* **Problem to work on**
Where a picture occurs in the data, omit it, and copy all remaining data exactly.

* **Available data**
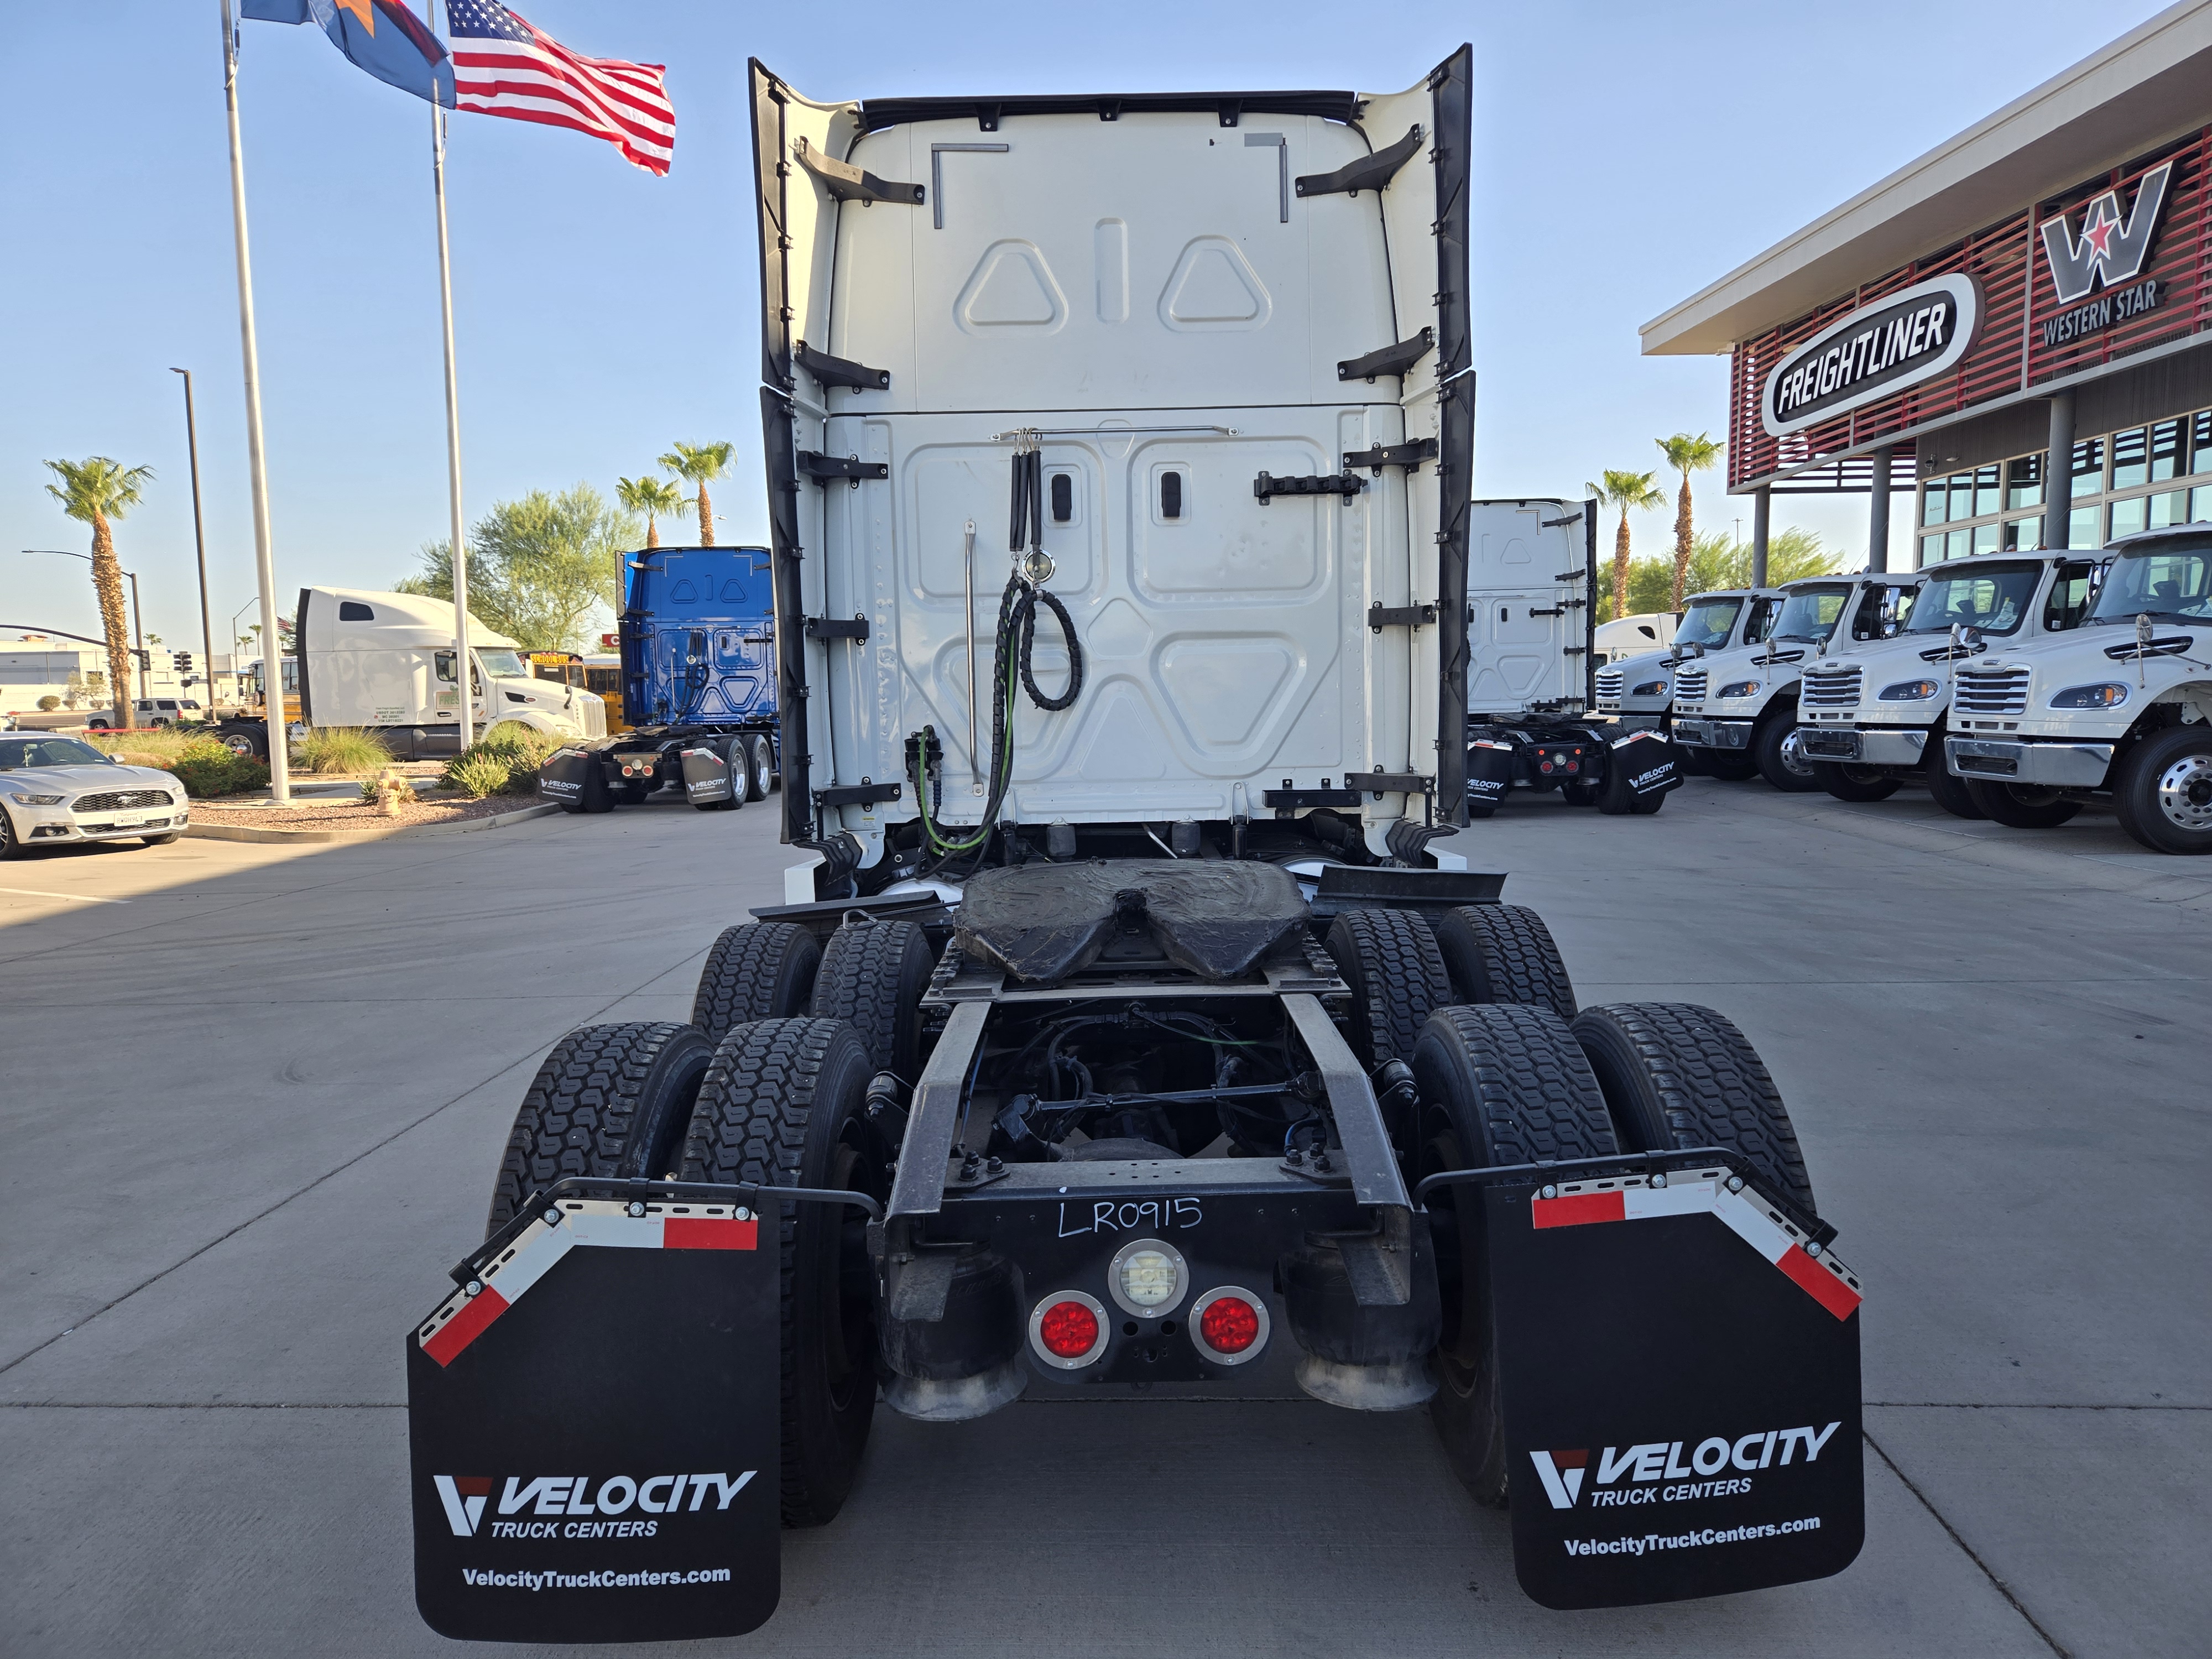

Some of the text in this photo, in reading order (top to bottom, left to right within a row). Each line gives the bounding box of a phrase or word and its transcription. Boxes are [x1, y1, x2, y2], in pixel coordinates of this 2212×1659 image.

[2043, 280, 2156, 347] WESTERN STAR
[1778, 302, 1946, 414] FREIGHTLINER
[531, 655, 568, 664] SCHOOL BUS
[439, 695, 460, 705] FRES
[548, 780, 582, 790] VELOCITY
[696, 778, 727, 788] VELOCITY
[1639, 761, 1674, 782] VELOCITY
[1058, 1197, 1203, 1238] LR0915
[1597, 1421, 1842, 1484] VELOCITY
[498, 1470, 758, 1515] VELOCITY
[1591, 1477, 1752, 1507] TRUCK CENTERS
[491, 1520, 658, 1538] TRUCK CENTERS
[1564, 1516, 1821, 1556] VelocityTruckCenters.com
[462, 1566, 731, 1592] VelocityTruckCenters.com

* **Solution to this exercise**
Some of the text in this photo, in reading order (top to bottom, left to right within a row). Each line gives the bounding box of a phrase or word and its transcription. Boxes are [x1, y1, x2, y2], in pixel coordinates of this 2212×1659 image.

[2043, 280, 2156, 347] WESTERN STAR
[1778, 302, 1946, 414] FREIGHTLINER
[531, 655, 568, 664] SCHOOL BUS
[439, 695, 460, 705] FRES
[548, 780, 582, 790] VELOCITY
[696, 778, 727, 788] VELOCITY
[1639, 761, 1674, 782] VELOCITY
[1058, 1197, 1203, 1238] LR0915
[1597, 1421, 1842, 1484] VELOCITY
[498, 1470, 758, 1515] VELOCITY
[1591, 1477, 1752, 1507] TRUCK CENTERS
[491, 1520, 658, 1538] TRUCK CENTERS
[1564, 1516, 1821, 1556] VelocityTruckCenters.com
[462, 1566, 731, 1592] VelocityTruckCenters.com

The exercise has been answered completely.